Providing safe homes CUTLINE; Nolan center, plays with his siblings, Edward, 3, left, and Alexis, 5. Nolan's adoption will be finalized today. Nolan had been left at a Rochester restaurant in October. Matt Miller/Post-Bulletin

p By Janice Gregorson

The pager may go off at any time, day or night.

It may mean police have pulled children from a drug house or other dangerous situation.

They need a safe home, an emergency shelter. They need love and understanding and nurturing.


And, several families in Olmsted County are ready and prepared to provide all of those things.

They are among 106 homes licensed to provide foster care services for children in the county.

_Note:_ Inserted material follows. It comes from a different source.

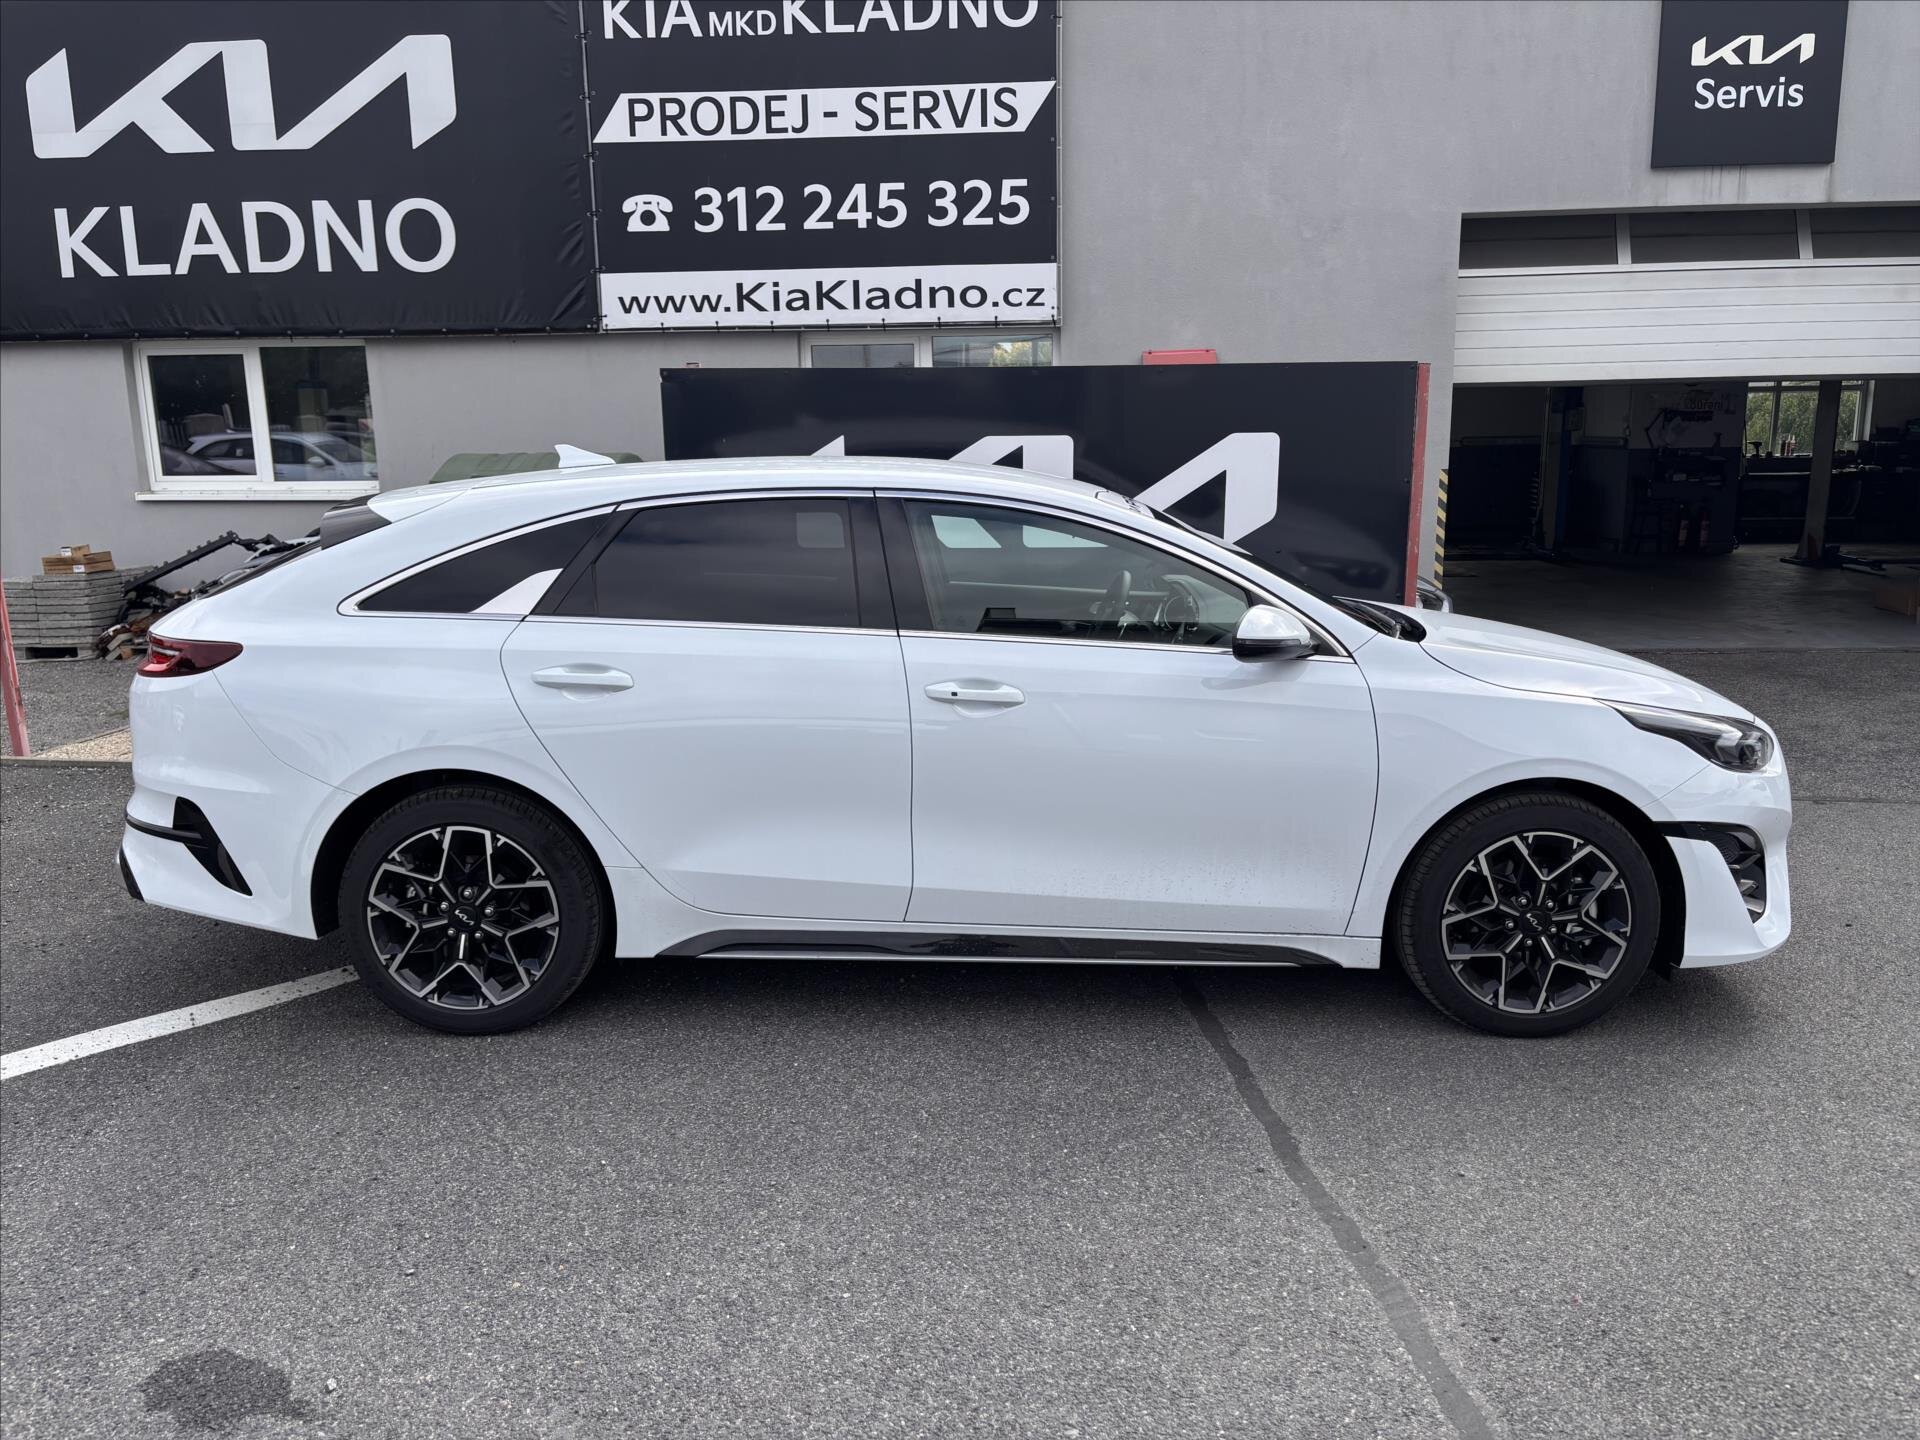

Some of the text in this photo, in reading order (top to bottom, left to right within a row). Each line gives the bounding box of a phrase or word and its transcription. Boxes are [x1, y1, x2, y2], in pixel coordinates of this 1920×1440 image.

While the discovery and placement of a newborn baby found abandoned in a restaurant may draw more publicity, the work of other foster care providers is just as important, says Heather Johnson.

Johnson is program manager for foster care and day care licensing in Olmsted County.

Currently, there are 64 family foster care homes in the county providing services to 168 adults and 106 homes licensed for children.

Those being helped may be abused and neglected or have physical or mental illnesses.

Some families carry pagers and are able to respond anytime day or night to take in children in emergencies.

Jean and Sean, who have asked that their last names not be identified, were called after a newborn baby boy was found abandoned in a Rochester restaurant in October. Today, they are adopting that baby, now named Nolan Michael.


The couple has been involved in foster care programs in both New York and Rochester and have taken in nearly a dozen children.

"There is such a great need for foster parents," says Sean.

They got involved in New York because they didn't know if they would be able to have children.

"We wanted kids in the house,'' he said.

Today, they have three, two of whom are adopted.

They were also vocal in New York trying to improve the foster care system.

"Kids tended to remain stagnant in that system for a long time,'' he said, noting that it often took a year to terminate parental rights to make children available for adoption.

In Rochester, it has taken just six months from the time Nolan came to their home three days after being found abandoned in a duffel bag in the restaurant.


Assistant Olmsted County Attorney Geoffrey Hjerleid said this is a good example of how well the system works to put children in permanent homes.

Necessary stability

He said Nolan is only going to know one set of parents, rather than be shipped around from foster home to foster home.

Hjerleid also renewed an earlier pledge that if Nolan's biological parents come forward now, they will not be prosecuted criminally.

He said he is doing that in an attempt to get the biological parents to come forward to provide some medical and personal background for the child.

Jean and Sean also hope that might happen.

"There's a real sense of curiosity,'' Sean said. "He is an incredibly good-natured boy."

But they don't know if there are any medical issues in his biological family's history. Finally, they say, it would be nice if Nolan could know his biological heritage.

Hjerleid and the couple stress that the information would remain confidential.

They also note that many people remain unaware of a relatively new state law that allows parents to take a newborn to a hospital emergency room and hand the infant to any health care worker without fear of being prosecuted. The law took effect last year and doesn't require parents to give their names and no police report is filed. The intent was not to legalize or encourage child abandonment, but to make sure no more babies died when they were abandoned.

The couple describe their new son as happy and easy going, with big blue eyes.

At birth, he weighed 7 pounds and 6 ounces. Today, he weighs 20 pounds and is 281⁄2; inches long. He joins older sister, Alexis, 51⁄2; who affectionately calls him "Peanut" and brother, Edward, 3, who often insists on dressing in matching outfits.

And the family dog, Keesha, is his protector, plopping himself down between Nolan and visitors.

Adopting Nolan doesn't mean an end to the couple's foster care services. They will continue to be available to provide respite care for families and foster parents who need short-term relief from their children.

They urge others to consider opening up their homes.

"There are so many different children and ages,'' Jean says, addressing the need for foster parents.

Johnson agrees.

She says there is no typical foster family.

"We have single foster parents who have never married all the way up to married couples with kids to grandparents who have already raised the kids,'' she said.

And it is not unusual for foster parents to adopt children they take into their homes.

So far this year, there have been nine such cases. Last year, there were 19 and in 2000, a total of 17.

Tough situations

Johnson said there still are needs in the community with some more difficult situations than Nolan.

"He didn't have as many complicating factors as others have had,'' she said, explaining that some children have severe physical or behavioral problems.

She says there is no shortage of families wanting to take babies and toddlers and children under 8.

But, there is a shortage of families willing and able to work with older children and those with behavorial difficulties, such as those who may be sex offenders or have mental health problems or need 24-hour health care.

It mirrors the situation statewide.

According to the Minnesota Department of Human Services, the 5,700 foster parents in the state aren't enough to care for almost 11,800 children in the system. The need is particularly great for older children and large sibling groups that want to remain together.